### WHAT TO WORK ON
Please return each entry exactly as it appears, but not the pictures.

======== MATERIAL TO PROCESS ========

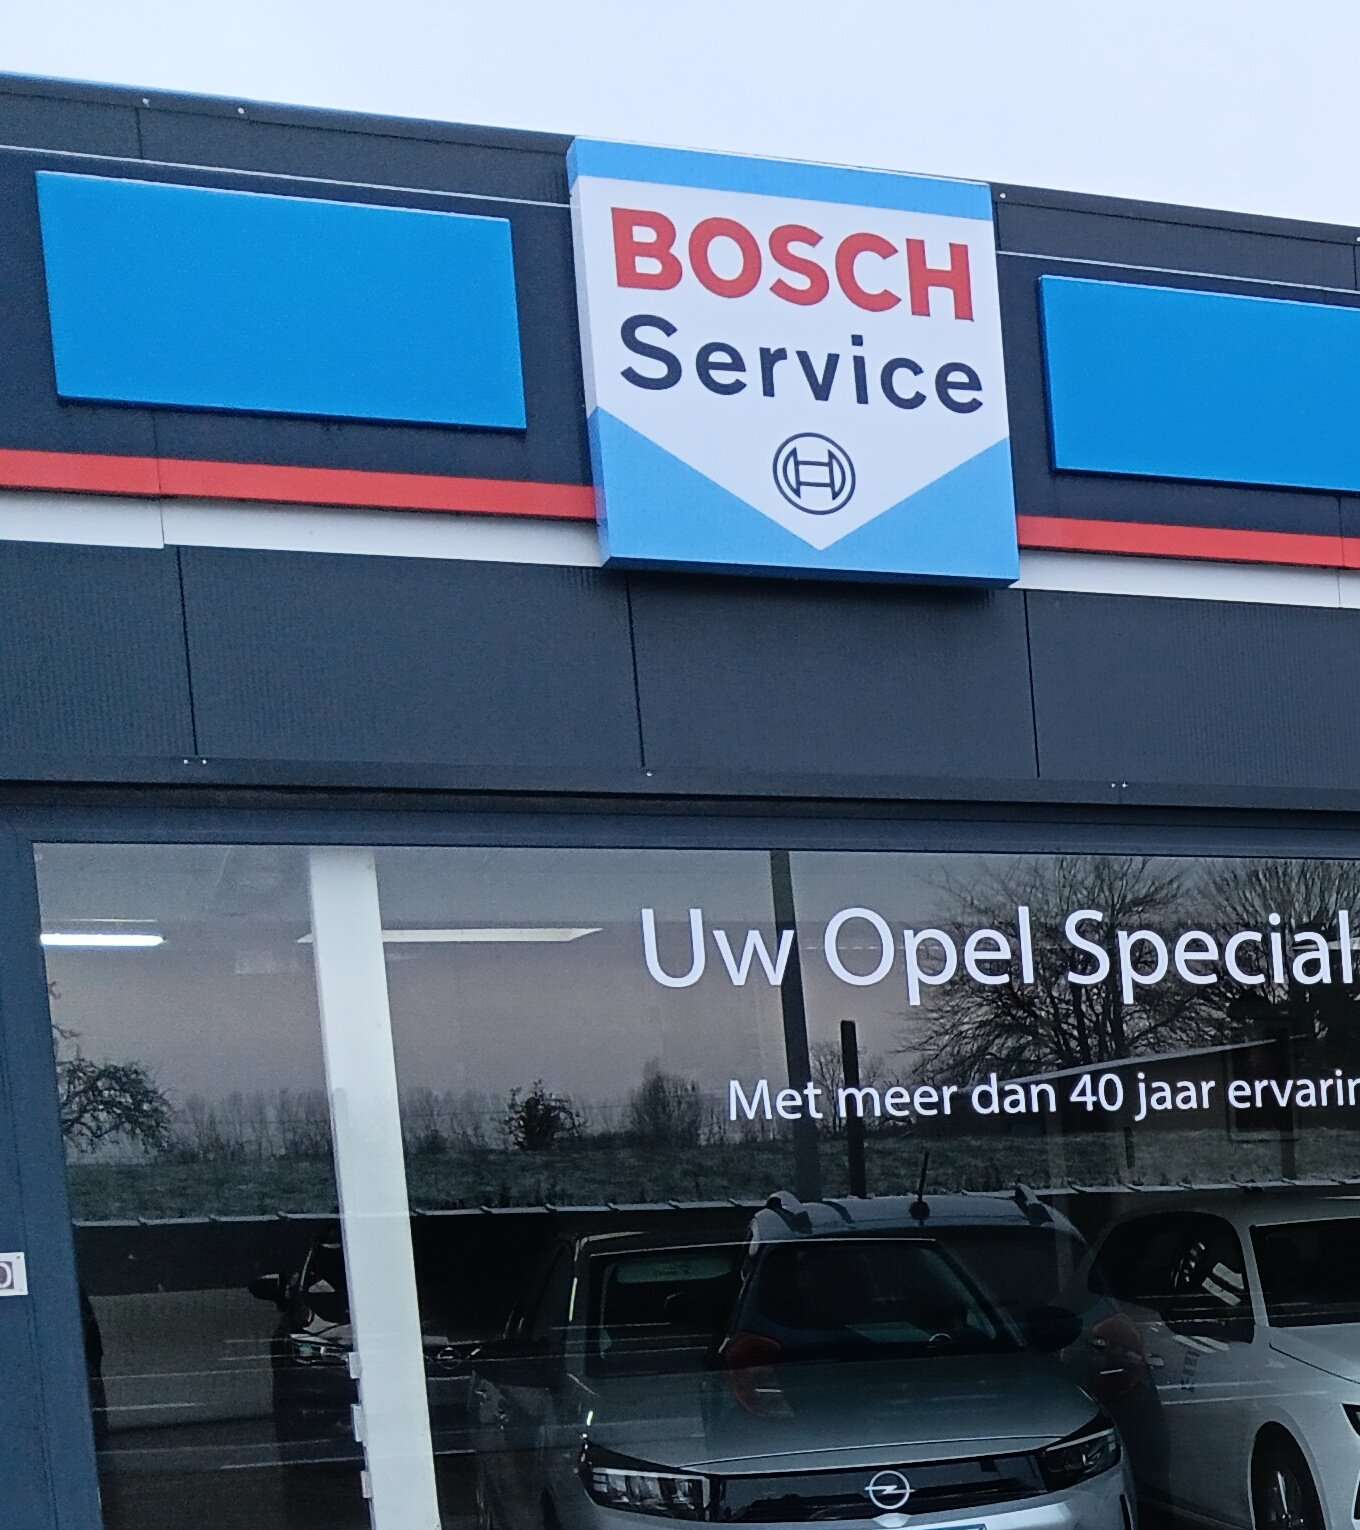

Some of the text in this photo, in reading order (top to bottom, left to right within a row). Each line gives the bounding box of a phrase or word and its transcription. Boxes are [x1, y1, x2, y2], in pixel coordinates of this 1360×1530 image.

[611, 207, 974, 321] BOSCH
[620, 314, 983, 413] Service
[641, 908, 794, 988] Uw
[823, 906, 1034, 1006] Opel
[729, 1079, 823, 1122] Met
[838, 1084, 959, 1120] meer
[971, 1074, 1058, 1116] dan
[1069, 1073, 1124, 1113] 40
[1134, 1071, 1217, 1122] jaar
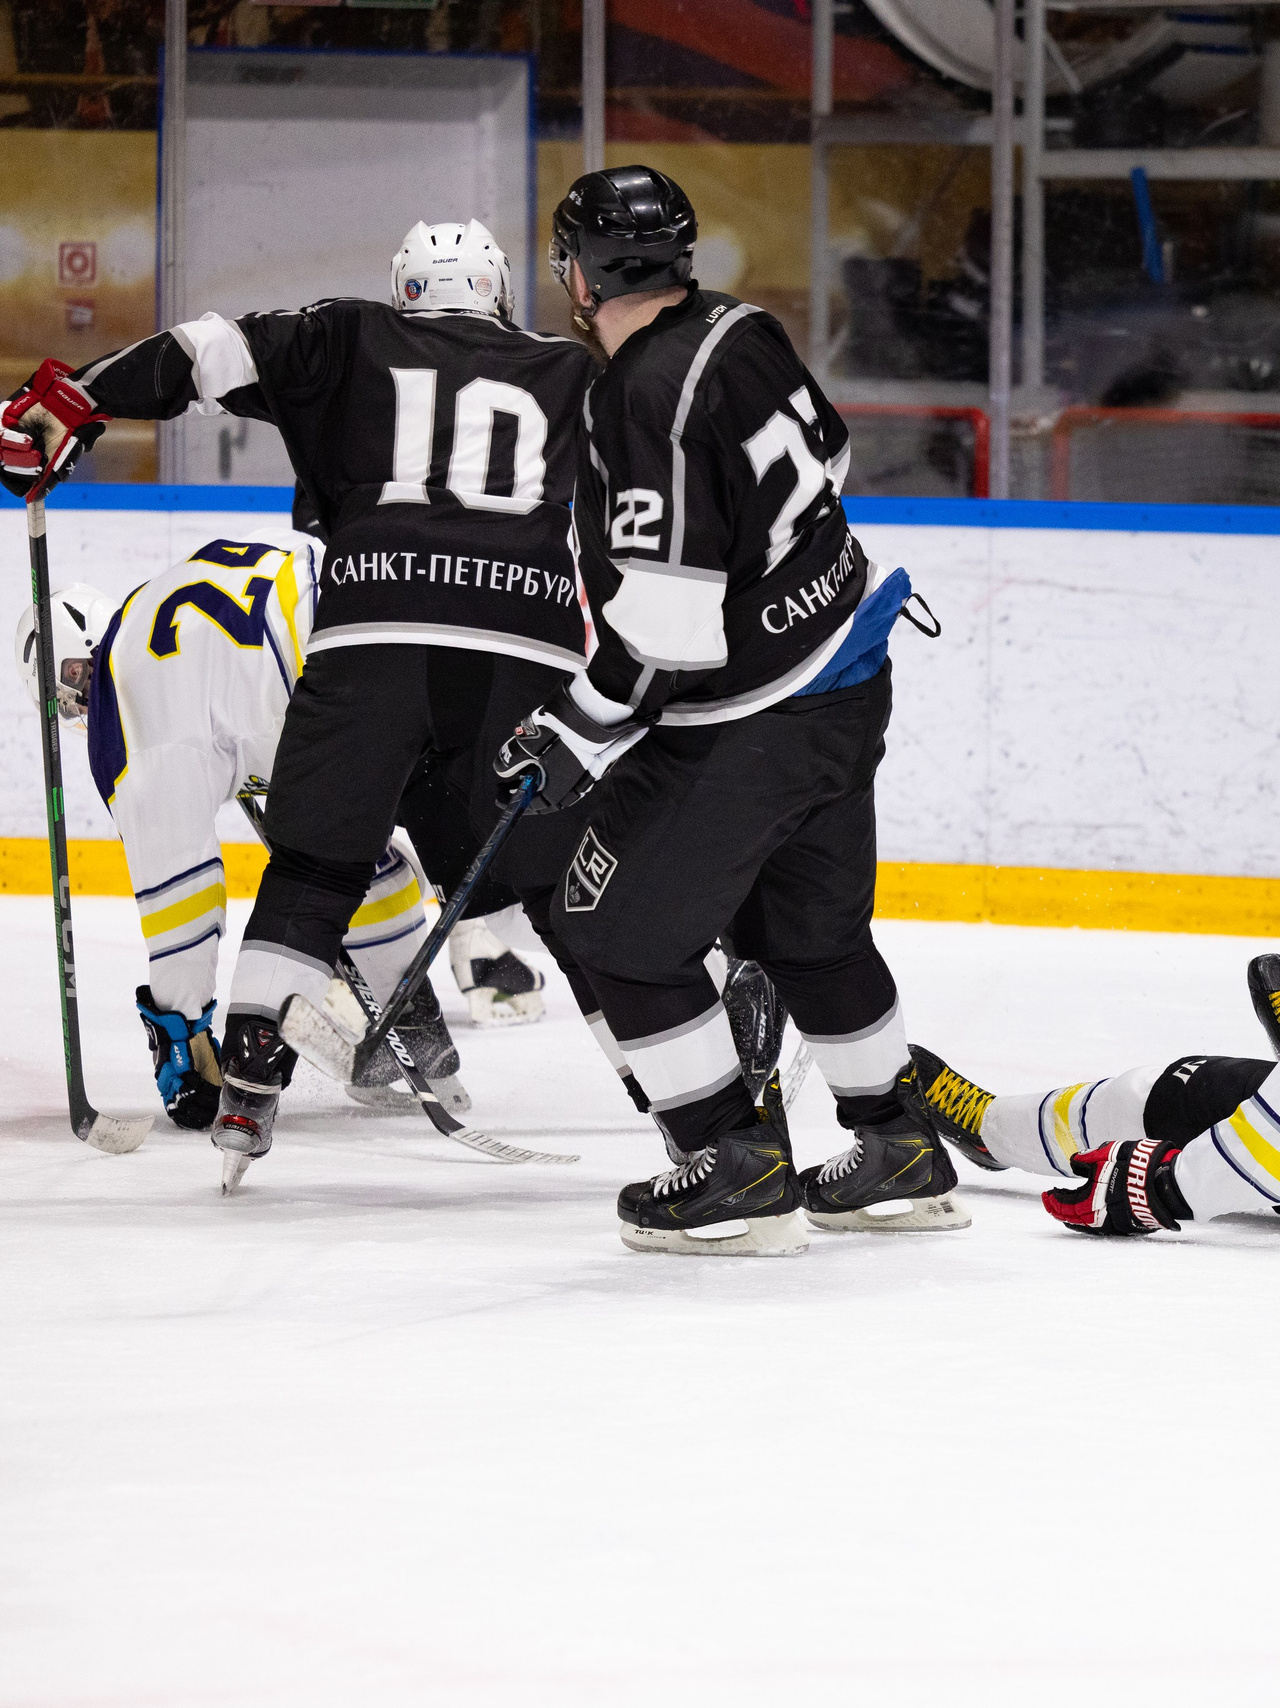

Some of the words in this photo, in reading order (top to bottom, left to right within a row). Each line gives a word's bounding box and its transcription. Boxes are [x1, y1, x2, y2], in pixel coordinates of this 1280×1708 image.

========

### ANSWER
Some of the text in this photo, in reading order (top to bottom, left to right within a row). Each line gives the bounding box of a phrase or word and its transcription. Boxes are [x1, y1, x2, y2], in pixel coordinates of this 1360×1530 image.

[611, 207, 974, 321] BOSCH
[620, 314, 983, 413] Service
[641, 908, 794, 988] Uw
[823, 906, 1034, 1006] Opel
[729, 1079, 823, 1122] Met
[838, 1084, 959, 1120] meer
[971, 1074, 1058, 1116] dan
[1069, 1073, 1124, 1113] 40
[1134, 1071, 1217, 1122] jaar

Some of the words in this photo, in reading order (top to bottom, left to right within a row). Each line gives a word's bounding box and its transcription. Boxes are [x1, y1, x2, y2], in pixel coordinates of this 1280×1708 image.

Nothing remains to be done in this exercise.